Before our purchase, the Realtor whom we were working with stated that the Alliance Corridor will one day be a hot area and that many people would be moving into the area because of future developments. Unfortunately, several years after purchasing our rentals, the economy took a downturn and the equity in our rental homes was gone and there was still very little development in the area. The economic situation caused many people to lose their homes throughout the United States because they purchased them with little or nothing down using an interest only loan.
Furthermore, because so many people lost their home to foreclosure, we were able to rent our homes through the economic downturn without a problem--even though the area was not fully developed. Moreover, despite the drop in value of our rentals, our renters were paying the mortgage so we held on.

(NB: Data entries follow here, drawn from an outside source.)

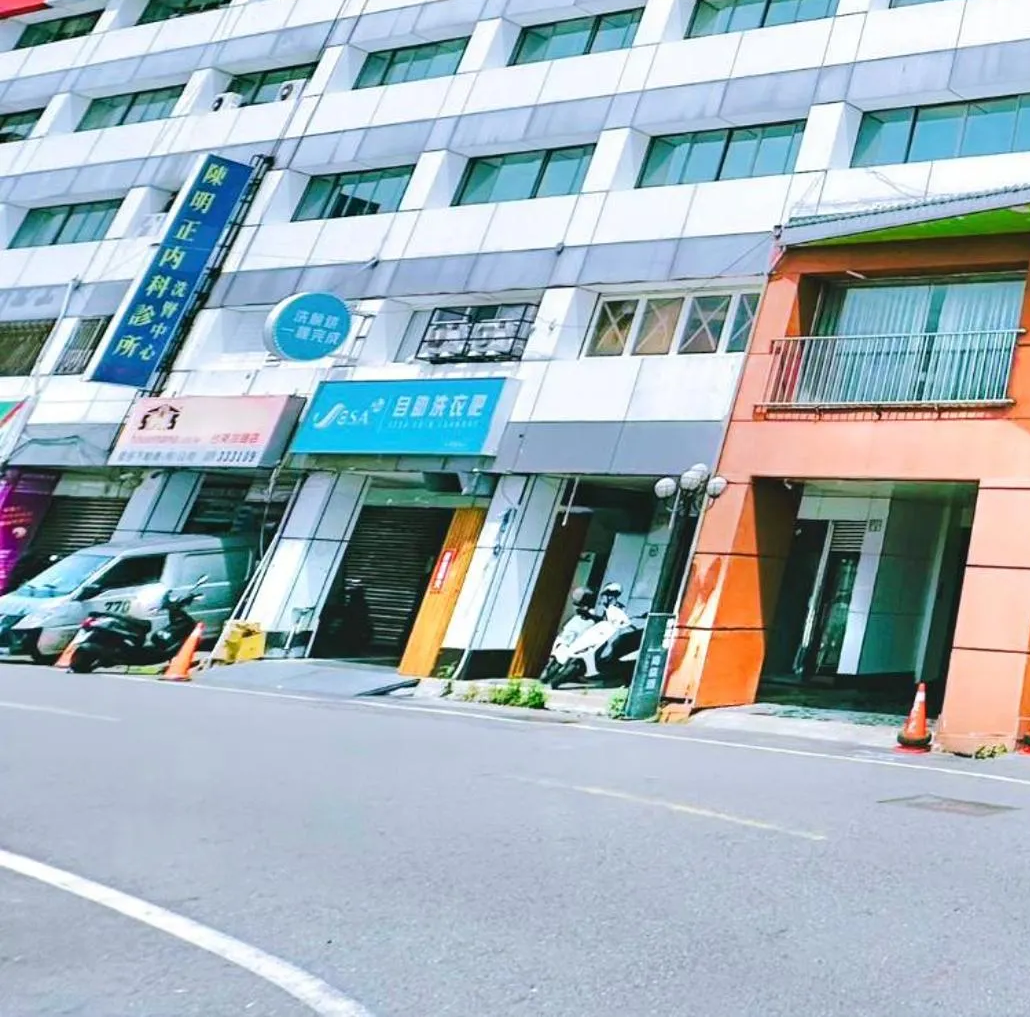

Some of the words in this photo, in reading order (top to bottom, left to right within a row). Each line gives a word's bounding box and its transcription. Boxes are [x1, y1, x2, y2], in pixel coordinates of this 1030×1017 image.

[111, 163, 229, 359] 陳明正內科診所
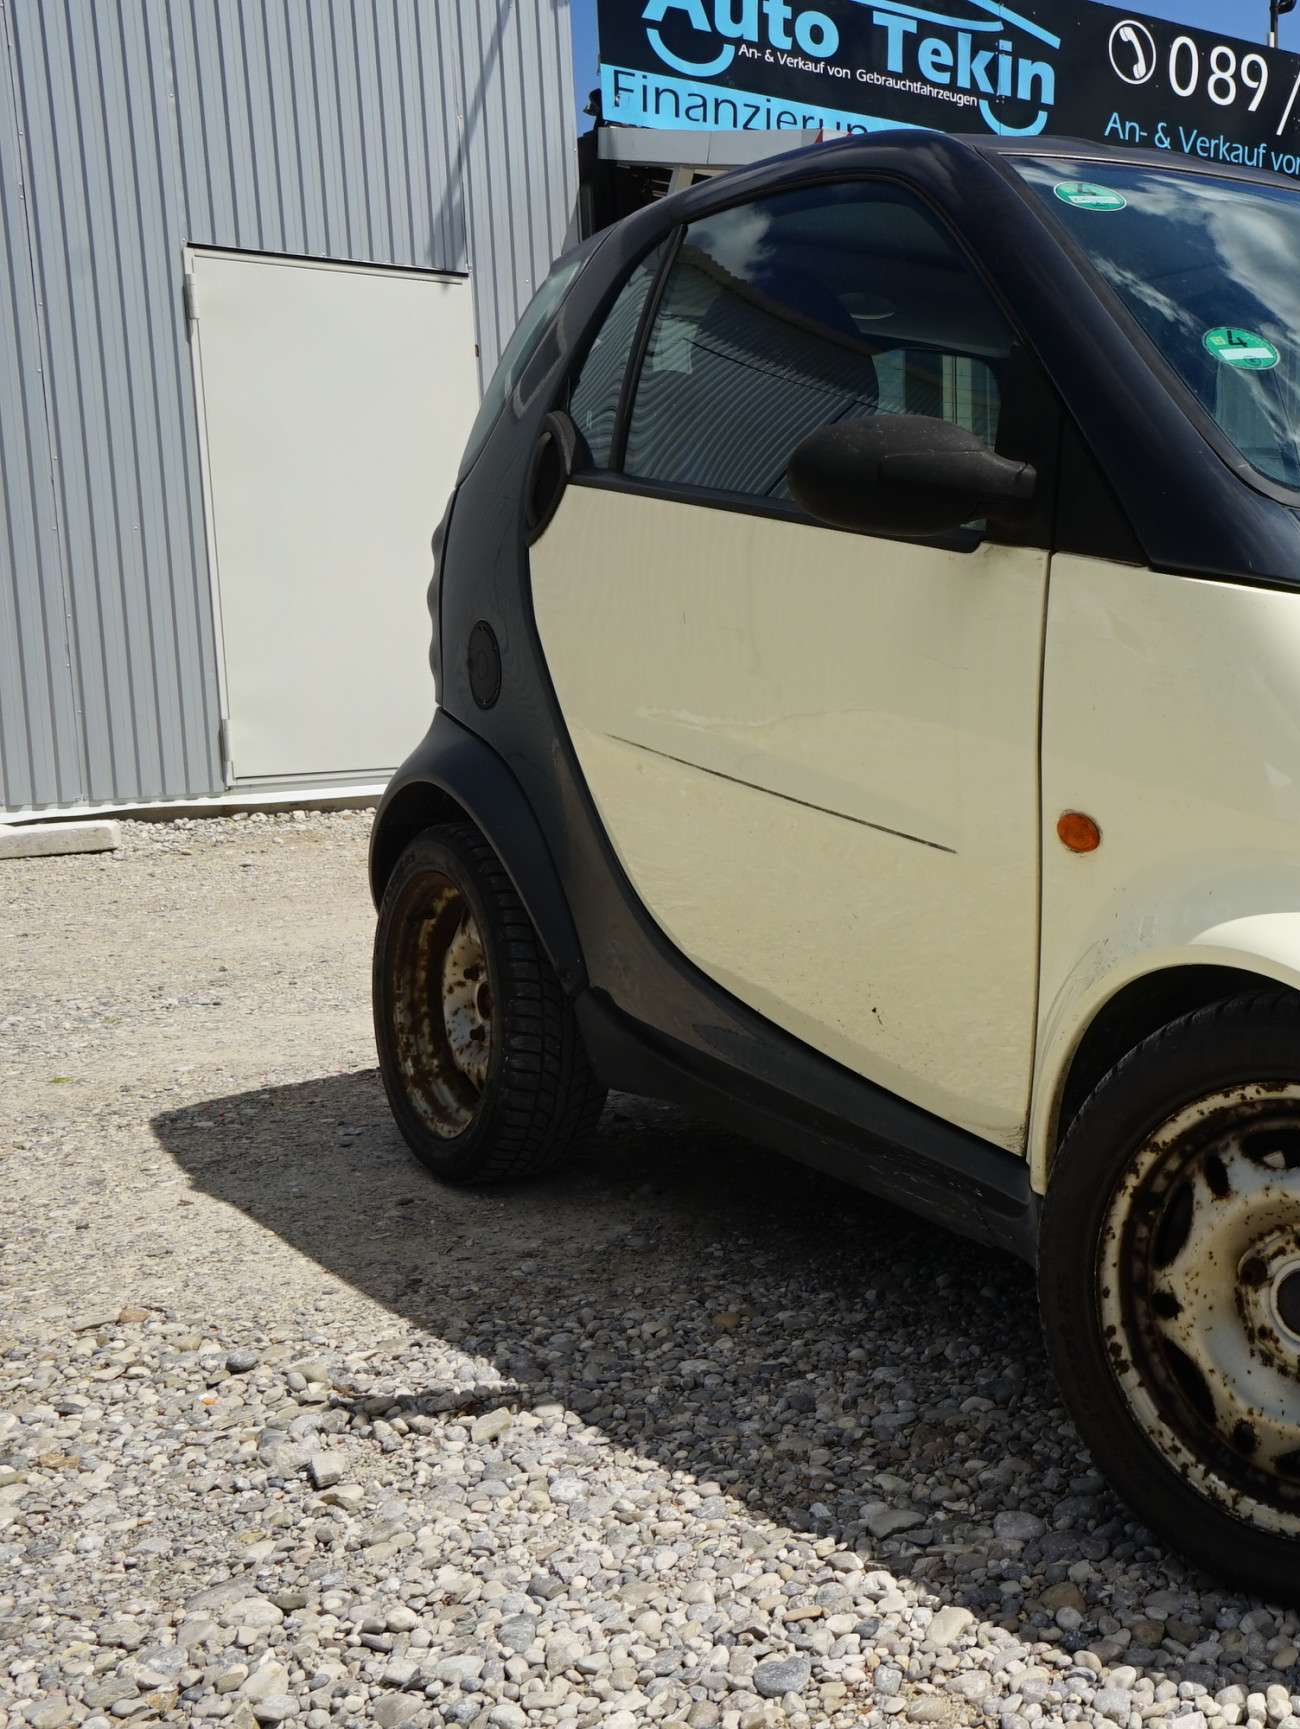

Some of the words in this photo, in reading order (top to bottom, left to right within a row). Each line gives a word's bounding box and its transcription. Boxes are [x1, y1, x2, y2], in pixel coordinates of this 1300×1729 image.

[738, 44, 762, 59] An-
[764, 50, 775, 62] &
[777, 52, 825, 74] Verkauf
[828, 65, 851, 79] von
[856, 68, 978, 107] Gebrauchtfahrzeugen
[873, 10, 1056, 105] Tekin
[1168, 35, 1269, 112] 089
[1104, 112, 1148, 142] An-
[1154, 122, 1171, 149] &
[1178, 126, 1267, 168] Verkauf
[1226, 330, 1248, 348] 4
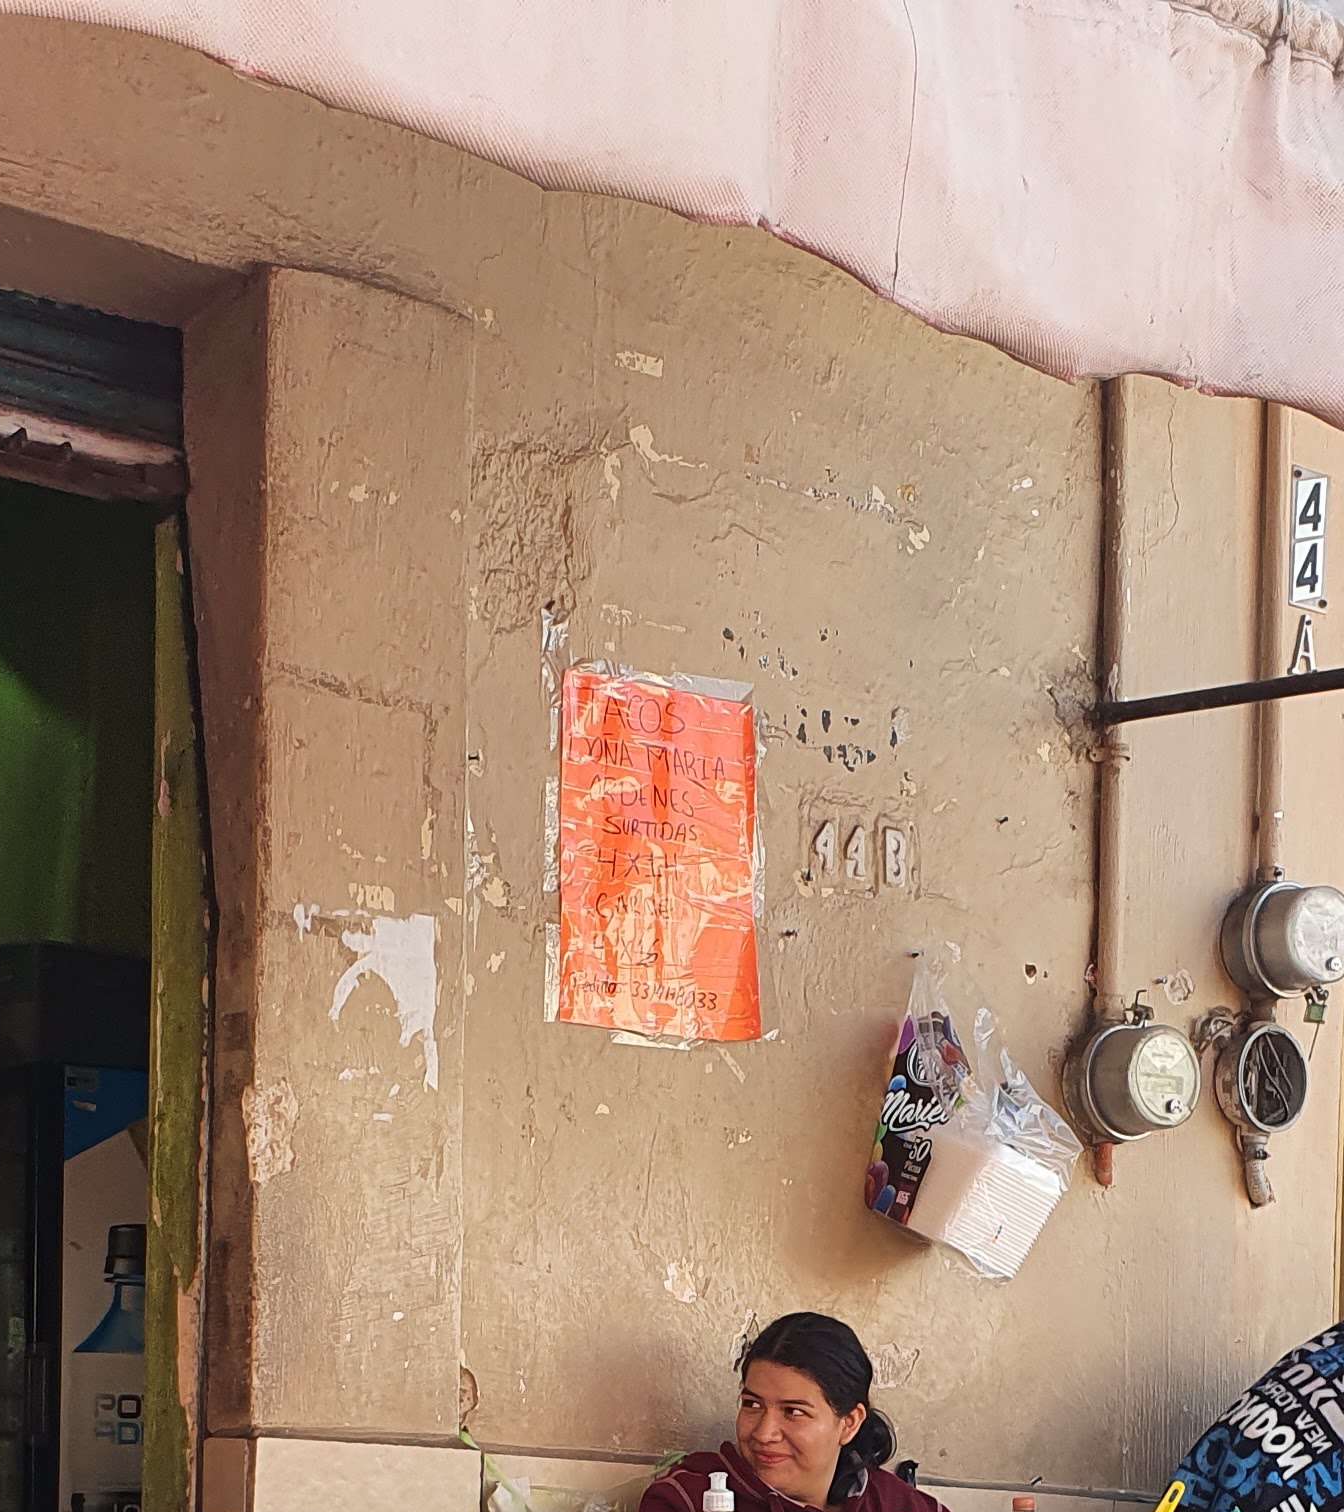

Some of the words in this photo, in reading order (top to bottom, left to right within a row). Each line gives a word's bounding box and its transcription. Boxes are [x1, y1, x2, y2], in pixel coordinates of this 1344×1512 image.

[574, 686, 686, 735] TACOS
[640, 742, 726, 782] MARIA
[601, 815, 698, 843] SURTIDAS

Because we took action to buy, hold during a downturn, use the passive income to make our mortgage payments and maintain patience during a chaotic time, now, in 2016, we have an Amazon Distribution Center, a Walmart, McDonalds, Pizza Hut, Burger King, dental offices and an emergency medical clinic within 3 miles of our rentals. Additionally, we gained all of our equity back and more. We also have increased the rents by over $200 in several of our homes, and if we sold today, we would sell at a profit. Although we continue to have challenges, our triumph has been a result of taking action in buying, holding, using passive income to pay our mortgages and being patience during an economic downturn.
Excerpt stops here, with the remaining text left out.